The book description on Amazon for “Gender Queer: A Memoir” includes the following:
In 2014, Maia Kobabe, who uses e/em/eir pronouns, thought that a comic of reading statistics would be the last autobiographical comic e would ever write. At the time, it was the only thing e felt comfortable with strangers knowing about em.
Now, Gender Queer is here.
Maia’s intensely cathartic autobiography charts eir journey of self-identity, which includes the mortification and confusion of adolescent crushes, grappling with how to come out to family and society, bonding with friends over erotic gay fanfiction, and facing the trauma and fundamental violation of pap smears.

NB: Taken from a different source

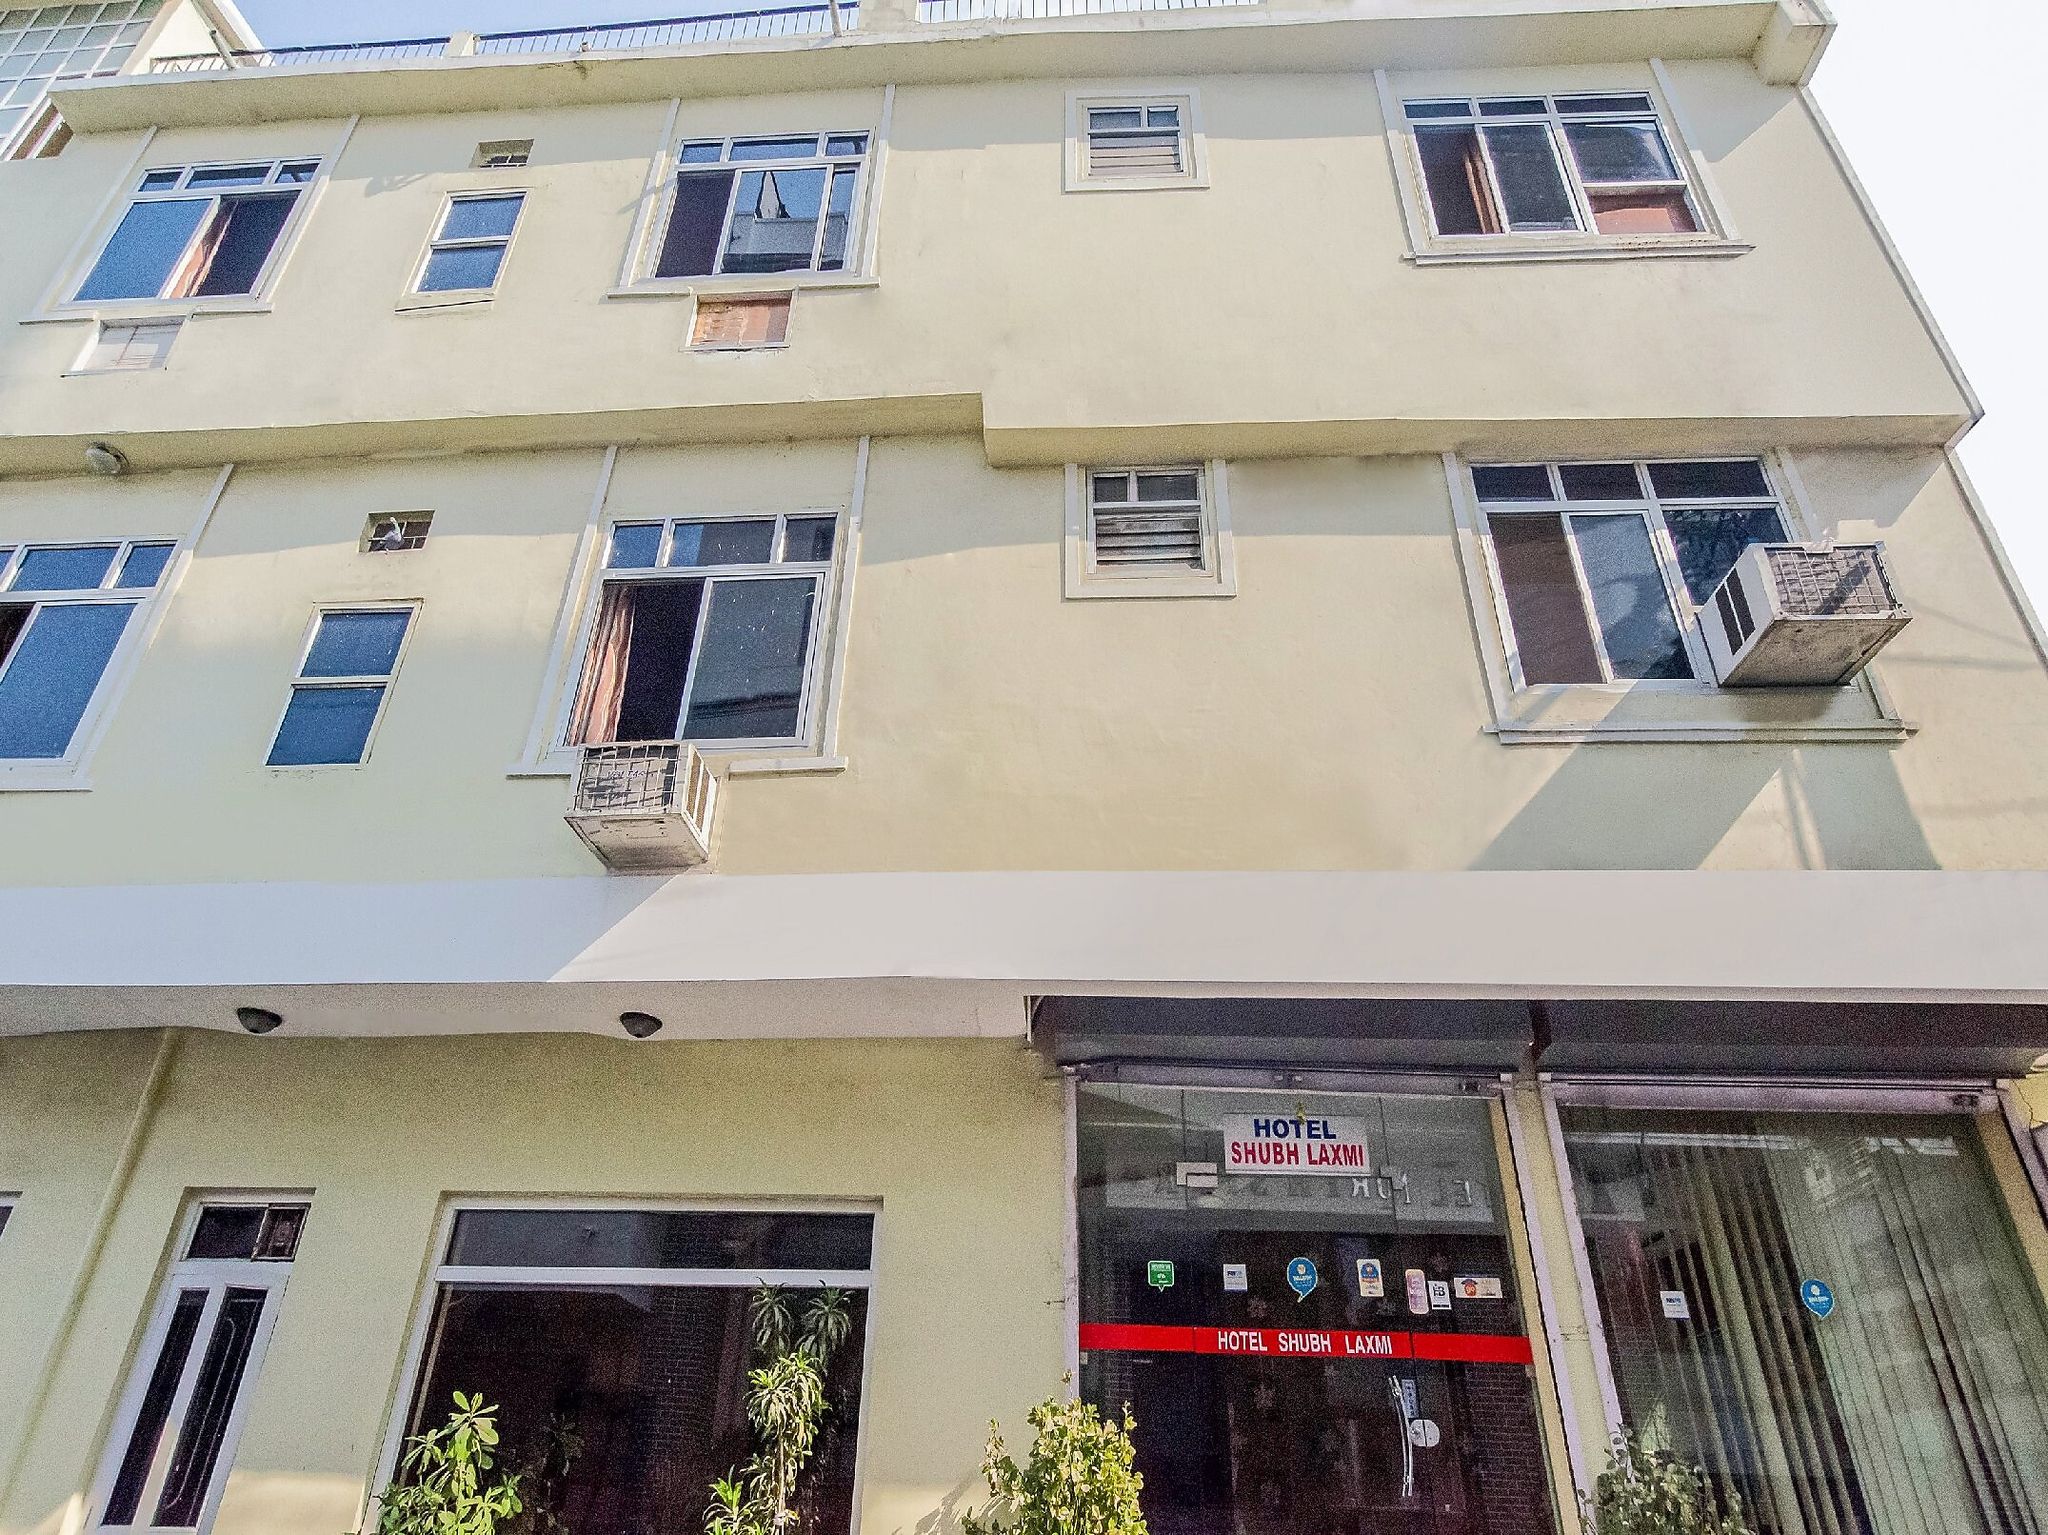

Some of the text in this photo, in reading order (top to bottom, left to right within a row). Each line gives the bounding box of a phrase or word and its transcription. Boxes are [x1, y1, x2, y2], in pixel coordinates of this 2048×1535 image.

[1254, 1118, 1337, 1139] HOTEL
[1231, 1141, 1364, 1167] SHUBH LAXMI
[1218, 1330, 1392, 1354] HOTEL SHUBH LAXMI

Complaints about the reading material, the Tribune writes, come from a “conservative parent group” called Utah Parents United. The group’s website says its aim, in part, is merely to “protect the parent-child relationship in law and education.”
In an interview with ABC4 in Salt Lake City, Corinne Johnson, public relations director at Utah Parents United, called the investigation into these books “a win for children.”
But a recent Facebook post by her group claims that things were left out of the broadcast interview that fair reporting might have included. The post links to the ABC4 article, along with the group’s passionate criticism of the media:
“The next time I’m asked to do a news media interview I’m just gonna send them excerpts of the porn. I’m tired of them making this about discrimination and the LGBTQ+ population, because it’s not.”
The post goes on to say that “reasonable” people do not want overly sexualized content in schools, and says “LGBTQ+ kids deserve to read good literature [that’s] not riddled with graphic depictions,” and that the books in question are not positive or wholesome and are causing psychological damage.
The Tribune reports Utah lawmakers have clashed with anti-censorship advocates and librarians, and in response lawmakers passed HB374, which bans “pornographic or indecent” books in Utah schools.
Last month, in response to HB374, the Utah Board of Education approved a “model policy” that includes the following guidelines for registering complaints about inappropriate content in the library, as reported by the Daily Herald:
- Material reviews may be requested by students, parents of students, or employees of the school.
- The identity of those making requests is kept private.
- Materials under review will be available from the circulation desk with parental permission (or via access code for digital items).
- Restricted materials will be publicly listed.
- A review committee will ultimately determine whether material is retained without restriction, restricted with limited access, or removed entirely.